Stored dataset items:
Segment Open

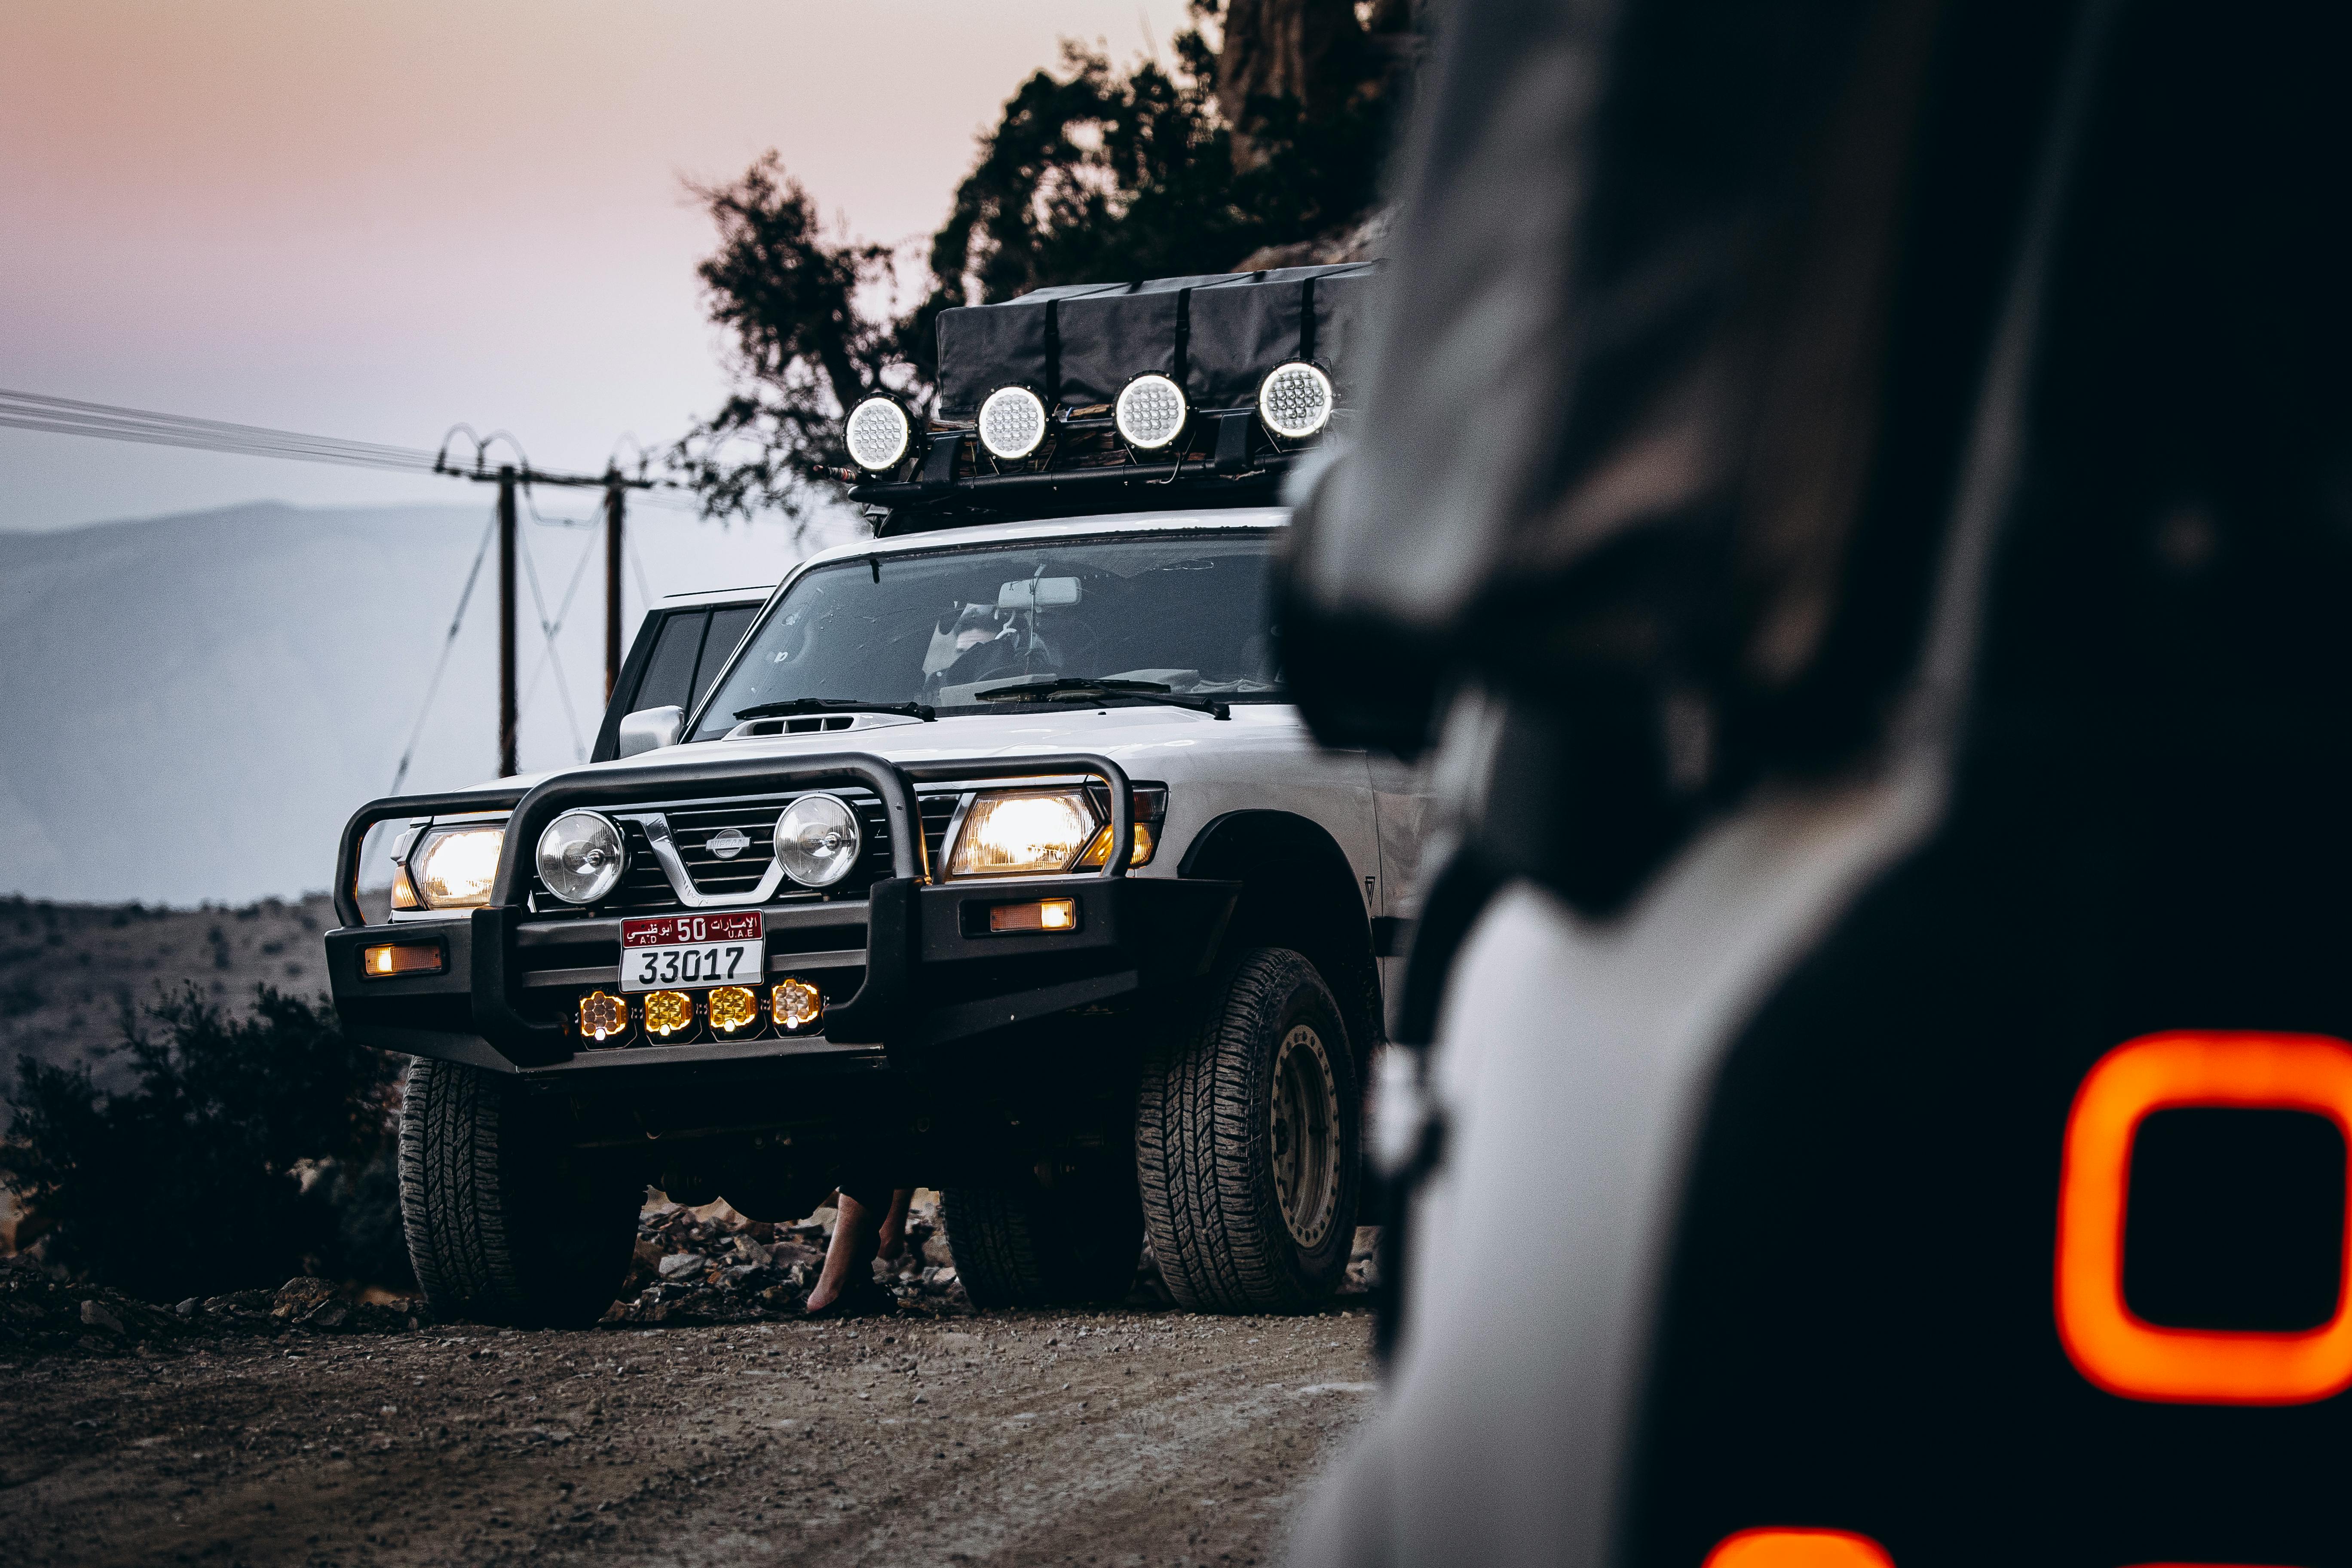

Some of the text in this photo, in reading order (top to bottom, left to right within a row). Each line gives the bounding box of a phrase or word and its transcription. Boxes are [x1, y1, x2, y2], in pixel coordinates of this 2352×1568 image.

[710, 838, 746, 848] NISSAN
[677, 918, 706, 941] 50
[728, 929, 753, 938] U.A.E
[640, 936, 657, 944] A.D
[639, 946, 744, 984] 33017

Segment Closed

▸ **EXERCISE DETAILS**
All of the entries above need to be repeated exactly, minus the pictures.

▸ **ANSWER SPACE**
Some of the text in this photo, in reading order (top to bottom, left to right within a row). Each line gives the bounding box of a phrase or word and its transcription. Boxes are [x1, y1, x2, y2], in pixel coordinates of this 2352×1568 image.

[710, 838, 746, 848] NISSAN
[677, 918, 706, 941] 50
[728, 929, 753, 938] U.A.E
[640, 936, 657, 944] A.D
[639, 946, 744, 984] 33017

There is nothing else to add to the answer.